Problem to work on - Could you write out the records exactly as they are given?

Records from a data collection -
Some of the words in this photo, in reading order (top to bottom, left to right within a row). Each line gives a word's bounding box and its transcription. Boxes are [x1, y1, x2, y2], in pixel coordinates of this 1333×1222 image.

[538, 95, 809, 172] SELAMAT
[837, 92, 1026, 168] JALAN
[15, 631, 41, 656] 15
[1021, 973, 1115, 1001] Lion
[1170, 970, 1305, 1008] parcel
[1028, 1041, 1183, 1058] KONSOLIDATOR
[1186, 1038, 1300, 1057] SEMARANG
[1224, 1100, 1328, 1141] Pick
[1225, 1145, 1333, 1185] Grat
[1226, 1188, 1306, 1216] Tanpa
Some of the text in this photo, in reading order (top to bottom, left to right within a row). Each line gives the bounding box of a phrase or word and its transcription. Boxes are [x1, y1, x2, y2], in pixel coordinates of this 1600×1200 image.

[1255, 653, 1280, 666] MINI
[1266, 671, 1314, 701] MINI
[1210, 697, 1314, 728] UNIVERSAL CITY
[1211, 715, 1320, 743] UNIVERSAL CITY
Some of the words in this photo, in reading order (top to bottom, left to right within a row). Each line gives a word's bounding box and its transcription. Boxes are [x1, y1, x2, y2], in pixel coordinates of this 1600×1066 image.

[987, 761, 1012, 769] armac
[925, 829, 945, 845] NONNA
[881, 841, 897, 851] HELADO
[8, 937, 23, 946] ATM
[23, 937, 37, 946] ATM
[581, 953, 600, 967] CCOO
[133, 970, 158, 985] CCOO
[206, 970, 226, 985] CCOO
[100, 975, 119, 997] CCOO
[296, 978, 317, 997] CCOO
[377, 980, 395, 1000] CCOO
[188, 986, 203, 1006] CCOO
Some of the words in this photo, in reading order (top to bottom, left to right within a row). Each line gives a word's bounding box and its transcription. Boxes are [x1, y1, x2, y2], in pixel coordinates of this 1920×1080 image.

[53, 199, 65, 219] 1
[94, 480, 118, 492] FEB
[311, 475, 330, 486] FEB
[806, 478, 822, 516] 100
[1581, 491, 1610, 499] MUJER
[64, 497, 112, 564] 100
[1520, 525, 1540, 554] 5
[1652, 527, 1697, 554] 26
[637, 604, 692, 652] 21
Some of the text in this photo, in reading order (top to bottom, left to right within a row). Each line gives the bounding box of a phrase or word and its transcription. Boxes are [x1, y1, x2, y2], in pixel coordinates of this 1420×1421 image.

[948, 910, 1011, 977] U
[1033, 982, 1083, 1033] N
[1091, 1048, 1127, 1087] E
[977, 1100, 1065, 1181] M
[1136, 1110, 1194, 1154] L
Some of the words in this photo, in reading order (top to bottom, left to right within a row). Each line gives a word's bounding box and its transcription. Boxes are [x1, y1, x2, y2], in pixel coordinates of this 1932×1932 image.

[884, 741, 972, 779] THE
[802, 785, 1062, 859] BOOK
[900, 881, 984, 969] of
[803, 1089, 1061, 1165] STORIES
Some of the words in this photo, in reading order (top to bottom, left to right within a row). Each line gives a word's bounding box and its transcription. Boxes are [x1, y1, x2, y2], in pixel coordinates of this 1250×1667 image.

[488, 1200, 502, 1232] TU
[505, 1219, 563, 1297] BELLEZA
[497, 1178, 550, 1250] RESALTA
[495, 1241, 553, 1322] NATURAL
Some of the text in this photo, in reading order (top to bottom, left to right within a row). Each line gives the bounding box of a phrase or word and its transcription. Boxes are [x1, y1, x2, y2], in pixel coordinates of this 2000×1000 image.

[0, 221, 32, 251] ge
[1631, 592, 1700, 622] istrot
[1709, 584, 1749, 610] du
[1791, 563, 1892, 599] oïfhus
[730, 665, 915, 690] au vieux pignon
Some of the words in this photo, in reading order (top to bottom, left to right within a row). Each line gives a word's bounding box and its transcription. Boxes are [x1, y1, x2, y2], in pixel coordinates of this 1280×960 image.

Reply -
Some of the words in this photo, in reading order (top to bottom, left to right within a row). Each line gives a word's bounding box and its transcription. Boxes are [x1, y1, x2, y2], in pixel coordinates of this 1333×1222 image.

[538, 95, 809, 172] SELAMAT
[837, 92, 1026, 168] JALAN
[15, 631, 41, 656] 15
[1021, 973, 1115, 1001] Lion
[1170, 970, 1305, 1008] parcel
[1028, 1041, 1183, 1058] KONSOLIDATOR
[1186, 1038, 1300, 1057] SEMARANG
[1224, 1100, 1328, 1141] Pick
[1225, 1145, 1333, 1185] Grat
[1226, 1188, 1306, 1216] Tanpa
Some of the text in this photo, in reading order (top to bottom, left to right within a row). Each line gives the bounding box of a phrase or word and its transcription. Boxes are [x1, y1, x2, y2], in pixel coordinates of this 1600×1200 image.

[1255, 653, 1280, 666] MINI
[1266, 671, 1314, 701] MINI
[1210, 697, 1314, 728] UNIVERSAL CITY
[1211, 715, 1320, 743] UNIVERSAL CITY
Some of the words in this photo, in reading order (top to bottom, left to right within a row). Each line gives a word's bounding box and its transcription. Boxes are [x1, y1, x2, y2], in pixel coordinates of this 1600×1066 image.

[987, 761, 1012, 769] armac
[925, 829, 945, 845] NONNA
[881, 841, 897, 851] HELADO
[8, 937, 23, 946] ATM
[23, 937, 37, 946] ATM
[581, 953, 600, 967] CCOO
[133, 970, 158, 985] CCOO
[206, 970, 226, 985] CCOO
[100, 975, 119, 997] CCOO
[296, 978, 317, 997] CCOO
[377, 980, 395, 1000] CCOO
[188, 986, 203, 1006] CCOO
Some of the words in this photo, in reading order (top to bottom, left to right within a row). Each line gives a word's bounding box and its transcription. Boxes are [x1, y1, x2, y2], in pixel coordinates of this 1920×1080 image.

[53, 199, 65, 219] 1
[94, 480, 118, 492] FEB
[311, 475, 330, 486] FEB
[806, 478, 822, 516] 100
[1581, 491, 1610, 499] MUJER
[64, 497, 112, 564] 100
[1520, 525, 1540, 554] 5
[1652, 527, 1697, 554] 26
[637, 604, 692, 652] 21
Some of the text in this photo, in reading order (top to bottom, left to right within a row). Each line gives the bounding box of a phrase or word and its transcription. Boxes are [x1, y1, x2, y2], in pixel coordinates of this 1420×1421 image.

[948, 910, 1011, 977] U
[1033, 982, 1083, 1033] N
[1091, 1048, 1127, 1087] E
[977, 1100, 1065, 1181] M
[1136, 1110, 1194, 1154] L
Some of the words in this photo, in reading order (top to bottom, left to right within a row). Each line gives a word's bounding box and its transcription. Boxes are [x1, y1, x2, y2], in pixel coordinates of this 1932×1932 image.

[884, 741, 972, 779] THE
[802, 785, 1062, 859] BOOK
[900, 881, 984, 969] of
[803, 1089, 1061, 1165] STORIES
Some of the words in this photo, in reading order (top to bottom, left to right within a row). Each line gives a word's bounding box and its transcription. Boxes are [x1, y1, x2, y2], in pixel coordinates of this 1250×1667 image.

[488, 1200, 502, 1232] TU
[505, 1219, 563, 1297] BELLEZA
[497, 1178, 550, 1250] RESALTA
[495, 1241, 553, 1322] NATURAL
Some of the text in this photo, in reading order (top to bottom, left to right within a row). Each line gives the bounding box of a phrase or word and its transcription. Boxes are [x1, y1, x2, y2], in pixel coordinates of this 2000×1000 image.

[0, 221, 32, 251] ge
[1631, 592, 1700, 622] istrot
[1709, 584, 1749, 610] du
[1791, 563, 1892, 599] oïfhus
[730, 665, 915, 690] au vieux pignon
Some of the words in this photo, in reading order (top to bottom, left to right within a row). Each line gives a word's bounding box and its transcription. Boxes are [x1, y1, x2, y2], in pixel coordinates of this 1280×960 image.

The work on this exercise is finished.